Var-Matin (Brignoles / Le Luc / Saint-Maximin)
Cagnes Pollution lumineuse : les chauves-souris sur écoute
Depuis octobre, les lampadaires de deux rues sont éteints la nuit. Une première en France pour observer l’effet d’une réduction de la lumière artificielle sur la vie des chauves-souris
Les chauves-souris, espèce protégée en France depuis 1981, souffrent de la pollution lumineuse croissante.
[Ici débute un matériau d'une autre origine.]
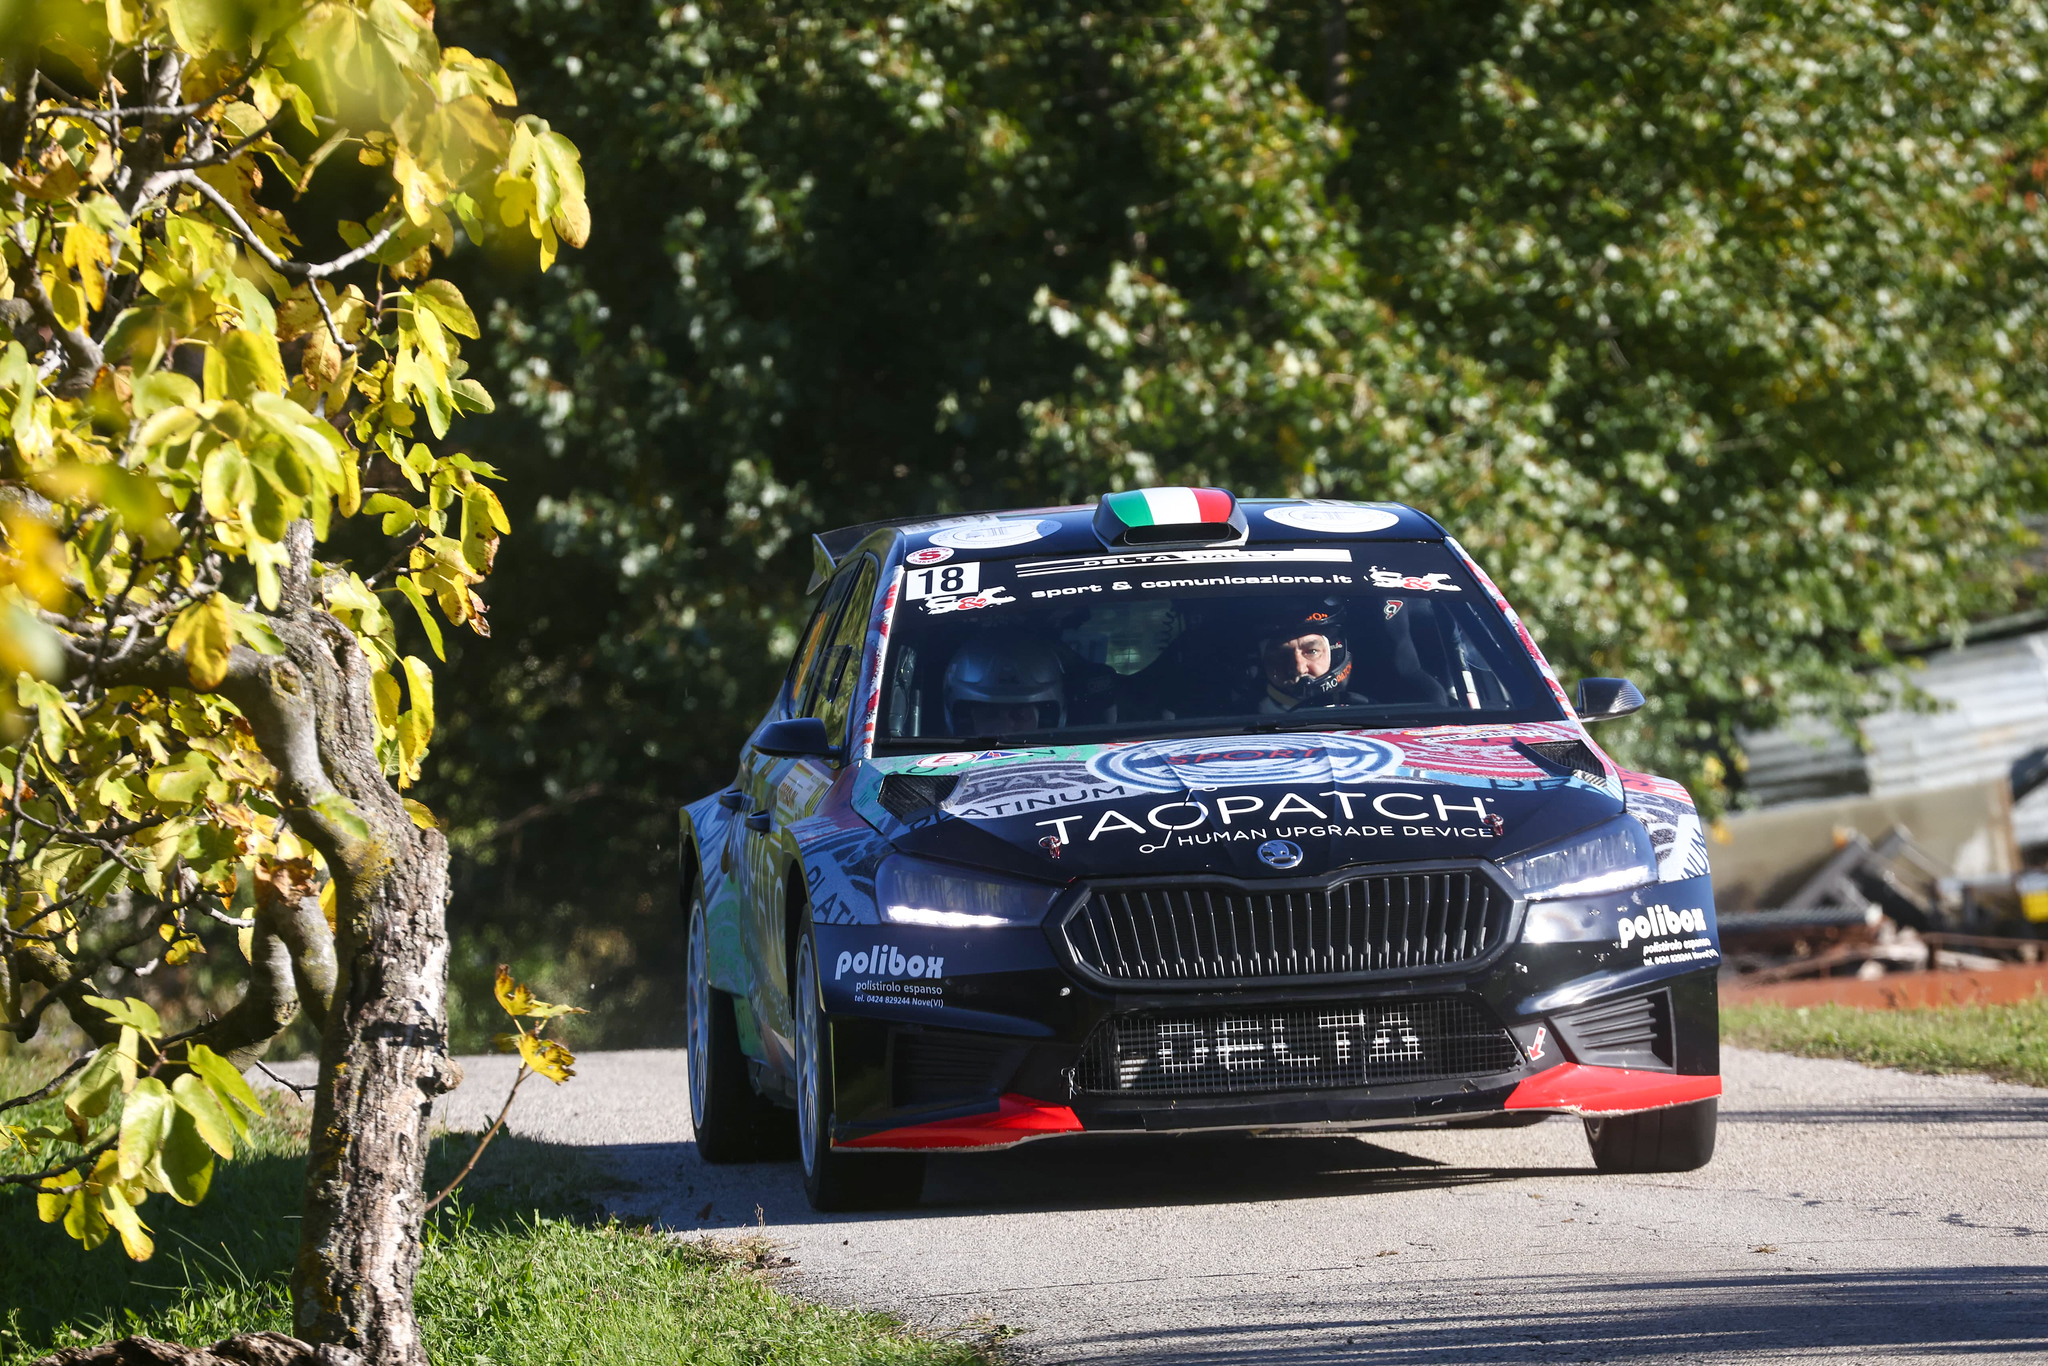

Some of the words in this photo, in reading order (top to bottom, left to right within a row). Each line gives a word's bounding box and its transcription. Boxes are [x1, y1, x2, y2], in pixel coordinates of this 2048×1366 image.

[1083, 554, 1173, 566] DELTA
[918, 567, 964, 595] 18
[1031, 583, 1103, 598] sport
[1112, 581, 1132, 591] &
[1141, 574, 1353, 588] comunicazione.it
[933, 755, 955, 765] E
[1167, 749, 1322, 765] SPORT
[1036, 792, 1488, 845] TAOPATCH
[1178, 828, 1267, 846] HUMAN
[1276, 824, 1394, 838] UPGRADE
[1402, 826, 1494, 837] DEVICE
[1618, 904, 1707, 949] polibox
[1643, 938, 1683, 956] polistirolo
[834, 944, 945, 981] polibox
[855, 980, 901, 992] polistirolo
[903, 985, 943, 995] espanso
[854, 994, 865, 1003] tel.
[866, 996, 884, 1004] 0424
[885, 996, 911, 1005] 829244
[911, 997, 944, 1008] Nove(VI)
[1158, 1012, 1428, 1074] DELTA
En 2016, une étude recensait les gîtes des chiroptères dans les Alpes-Maritimes : «Un coup d’oeil sur la carte suffit à voir le problème : tous les gîtes se situent en périphérie des zones éclairées – c’est-à-dire littorales – et reculent dans l’arrière-pays », explique Pauline Chevalier, chargée de mission biodiversité au service environnement de la Métropole Nice-Côte d’Azur.
Menacées par la lumière artificielle
Toutes les espèces de chauves-souris ne réagissent pas de la même façon face à cette pollution lumineuse. Certaines se sont adaptées, mais chez ces dernières aussi, la lumière artificielle contraint leur répartition. C’est même un facteur plus contraignant que l’artificialisation des sols, juste après l’agriculture intensive. «Parmi les espèces qui se sont adaptées, certaines – pensant qu’il fait encore jour – sortent plus tard de leur gîte pour chasser. C’est un problème, notamment l’été, car les femelles doivent non seulement se nourrir, mais aussi ravitailler leur progéniture et on observe des pertes chez les nouveau-nés », décrit Pauline Chevalier. Pour d’autres, c’est la double peine : la lumière agit comme une barrière physique et les chauves-souris sont contraintes de demeurer dans l’ombre, alors que leur principale source d’alimentation, les insectes, sont eux attirés par la lumière. Au milieu du mois d’août, les agents de la collectivité ont posé trois capteurs à Cagnes-sur-Mer, chemin des Salles et chemin du Val-deCagnes. Ces instruments de mesure, conçus par Véolia, sont alimentés par un panneau solaire. Ils détectent, enregistrent les ultrasons émis par les petits mammifères et les transmettent par Internet. L’objectif ? Mesurer l’activité des chauves-souris avant et après extinction de l’éclairage public.
Au bord de la Cagne
Depuis le 1er octobre, les lampadaires des deux zones d’expérimentation sont éteints entre 23 heures et 5 heures du matin. Les deux axes longent la Cagne. Ils n’ont pas été choisis au hasard. « On sait que les chauves-souris viennent chasser dans ce coin-là, il y a un cours d’eau et des zones non éclairées à proximité. Si on avait éteint une rue parmi d’autres en plein centre-ville, les chauves-souris n’auraient pas vu la différence» , décrypte la chargée de mission biodiversité de la Métropole. D’autres capteurs ont auparavant été installés à Nice (au Ray, à la Nécropole et à Saint-Blaise). Ils serviront d’étalon pour «vérifier que les comportements observés sont bien le fait de la réduction de l’éclairage public», complète Pauline Chevalier.
Expérience prolongée
La semaine dernière, la mairie de Cagnes-sur-Mer a accepté de prolonger l’expérience. Tandis que les premiers résultats ont été envoyés au Muséum d’Histoire naturelle de Paris pour y être analysés par une équipe de scientifiques, les capteurs vont continuer à récolter des données et les lampadaires resteront éteints chaque nuit entre 23 heures et 5 heures du matin jusqu’au printemps prochain. «C’est très nouveau, car on ne possédait jusqu’alors pas de données d’observation en période hivernale. On connaît mal les mouvements des chauves-souris en chasse dans cette période-là. Or, dans notre région, vu la douceur des températures, elles n’hibernent pas forcément », détaille Pauline Chevalier. Grâce au maintien du dispositif, dès qu’une espèce de chauve-souris apparaîtra dans la zone, les scientifiques seront alertés: chacune d’entre elles possédant un cri différent. Les pré-résultats de l’étude sur la pollution lumineuse seront, eux, transmis à la Métropole dans une dizaine de jours : « Cela nous permettra de peaufiner les mesures déployées pour réduire la pollution lumineuse et son impact sur la biodiversité».